I've read plenty from parents who discuss how they redirect their child when the stimming is getting too much, by giving them some form of distraction or a different sensory input. A bath, sand play, something off the exercise sheet from the OT, bouncing on the trampoline, maybe a cuddle and a movie. There are LOTS of parents who write about this. They never write about how much it drives them absolutely insane and they want to kill their kid if they do it one more bloody time.

Well I'm not like those parents. I'm going to admit that I have no freakin' idea how to distract and redirect my kid and yes, how I just want him to shut the fuck up for one goddamn hour.

Stimming is usually a reaction to a trigger. It might be a bright noisy environment such as a shopping centre. It could be a certain smell or noise level. It could be lack of routine during the school holidays.
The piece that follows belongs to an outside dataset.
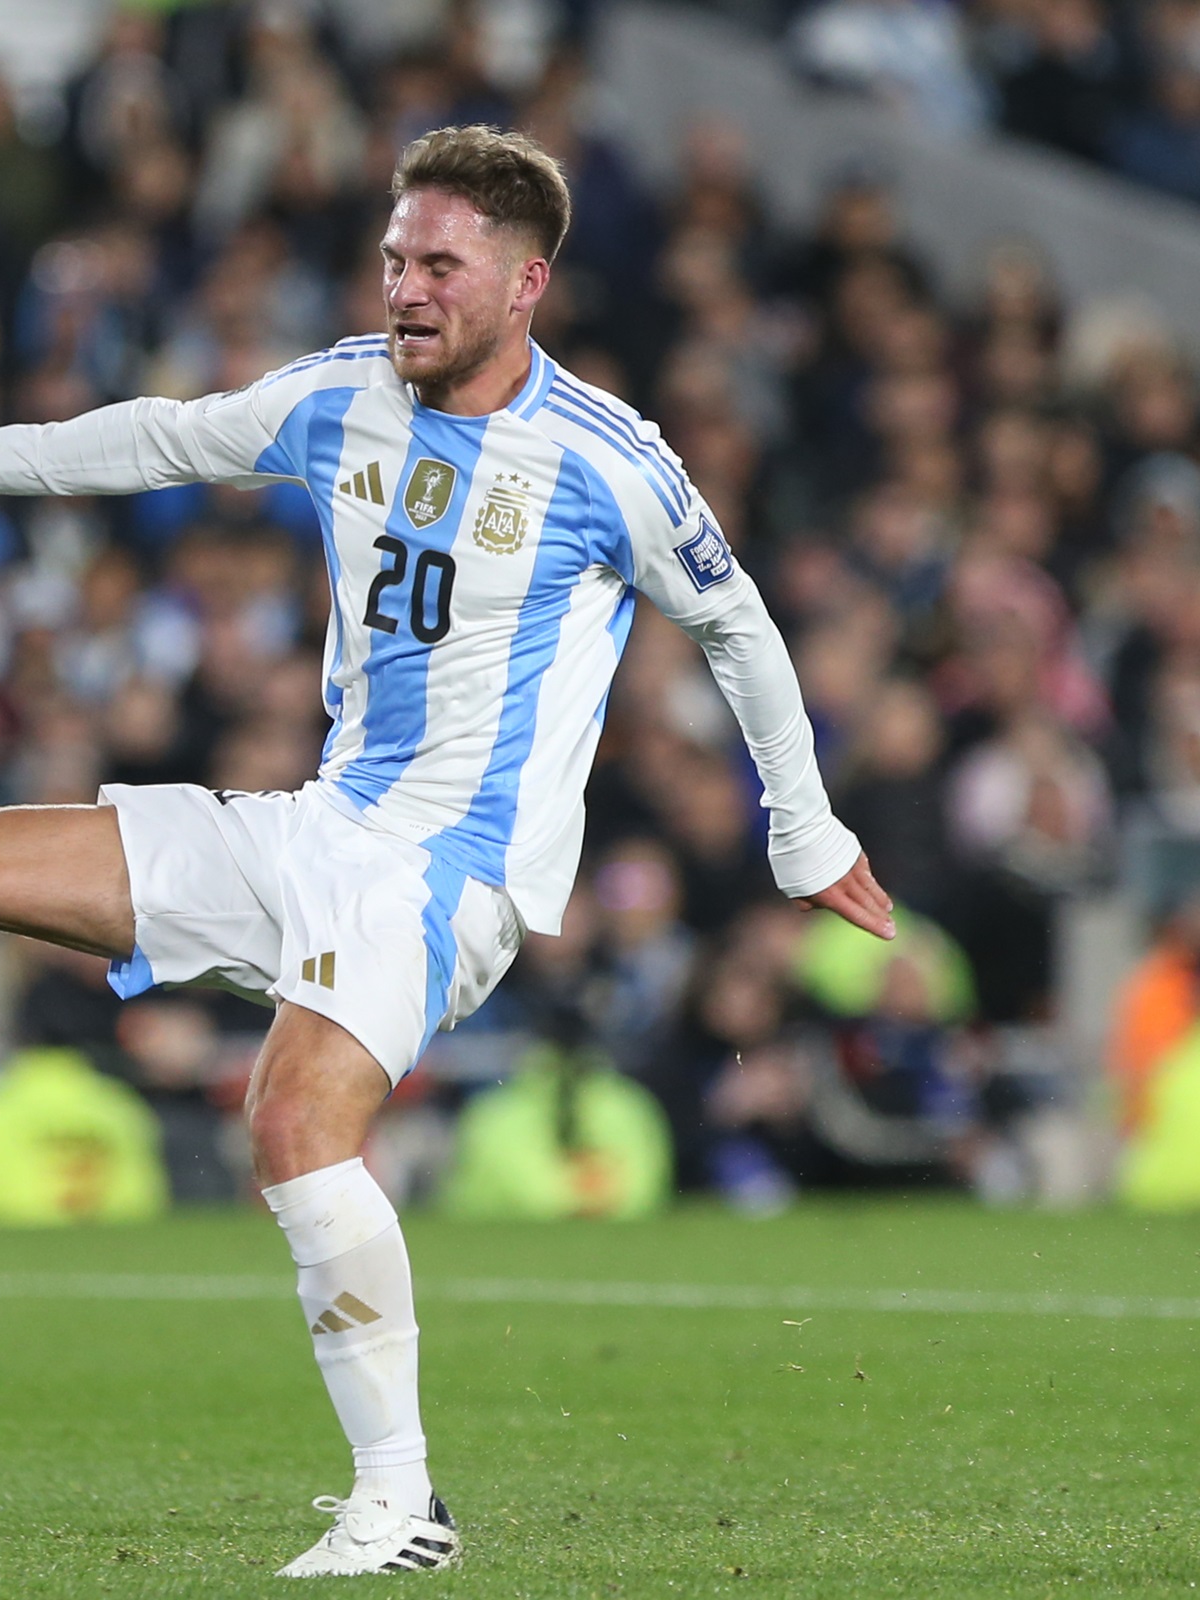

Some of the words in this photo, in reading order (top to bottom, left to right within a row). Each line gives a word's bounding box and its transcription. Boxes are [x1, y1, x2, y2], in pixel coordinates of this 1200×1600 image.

[414, 500, 434, 514] FIFA
[485, 505, 515, 537] AFA
[363, 535, 456, 644] 20
To control the amount of stimming, we need to know the trigger.  But how do we find the trigger when there seems to be no pattern to it at all?  I'm clearly supposed to know what it is because I should know my son well enough after 7 years to have something resembling a clue. But I don't.
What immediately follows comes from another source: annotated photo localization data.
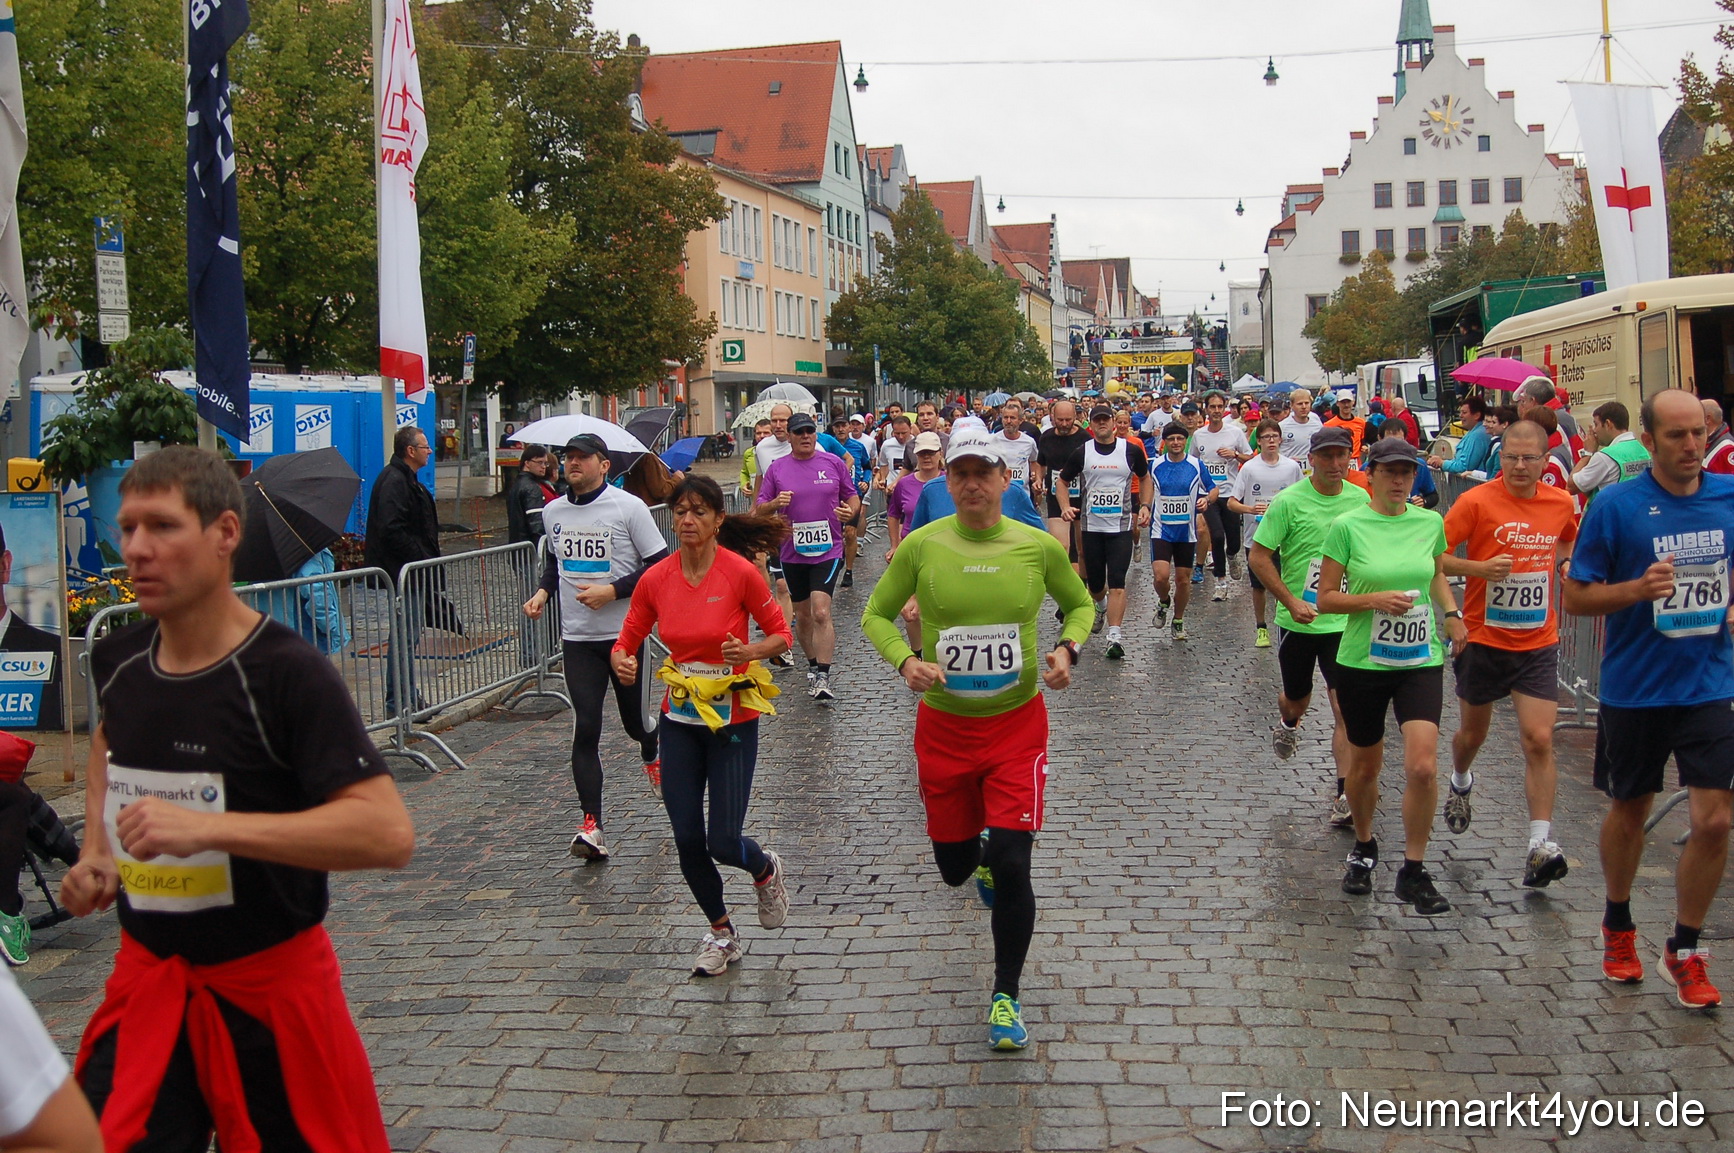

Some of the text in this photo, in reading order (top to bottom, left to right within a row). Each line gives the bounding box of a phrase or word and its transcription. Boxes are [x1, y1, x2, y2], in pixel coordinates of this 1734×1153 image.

[726, 343, 742, 359] D
[1562, 333, 1612, 362] Bayerisches
[1132, 355, 1163, 364] START
[1561, 364, 1585, 383] Rotes
[1568, 391, 1584, 406] reuz
[818, 470, 828, 479] K
[1092, 494, 1120, 506] 2692
[1162, 502, 1188, 514] 3080
[797, 529, 829, 545] 2045
[1506, 531, 1557, 545] Fischer
[1652, 529, 1725, 553] HUBER
[564, 538, 606, 559] 3165
[1674, 546, 1723, 558] ECHNOLOGY
[962, 564, 1001, 573] saller
[1510, 576, 1540, 585] Neumarkt
[1492, 586, 1544, 608] 2789
[1663, 579, 1723, 611] 2768
[1498, 611, 1535, 621] Christian
[1672, 612, 1717, 627] Willibald
[966, 632, 1005, 641] Neumarkt
[1378, 618, 1427, 644] 2906
[945, 643, 1014, 672] 2719
[1381, 646, 1420, 657] Rosalinde
[1, 661, 31, 672] CSU
[108, 781, 133, 796] ARTL
[121, 864, 194, 892] Reiner
The stimming has got wayyy out of control over the last few weeks.  Every single minute of every waking hour is the Stim of the Moment; fighting noises from Star Wars, recreating battles from Star Wars in Star Wars Lego, or talking about battles in Star Wars. He wont be distracted from it. He has Aspergers ffs; you think he can be dragged from his latest obsession? Hell-to-the-No.  If we try a different activity, he will somehow find a way to incorporate fighting actions and noises into it.

I'm at the point where I think there is no other choice but to force him to stop, naturally making me the Bad Parent who is traumatising her child. I seriously have no ideas at all how to get this to settle down.  I dont know how to get him to replace the stim with something a little more socially acceptable than acting out death and destruction, or how to find the trigger that makes him stim every waking moment.

It was easier before we had his diagnosis. Then I just yelled at him and he would stop for a while. (By "a while" I mean an hour. And by "yelling" I mean I occasionally may have used the F-word and blasphemed.) Of course, now I can't do that because it's not like he is deliberately doing it to be a little shit.  At least I don't think he is. Fuck. What if he is??

May as well call Child Protection.  Maybe they have some idea what to do.

2 comments:

Unknown said...

Some of that may just him being a young boy....they are just annoying lol the rest gets better with time. Hang in there!

Anything But Normal said...

That's the kicker, isn't it? How do you know where the ASD stops and the 7yo little shit starts?

I'm figuring if it continues on and on and on despite the consequences ramping up then its ASD-related. But I've been wrong before. That one time.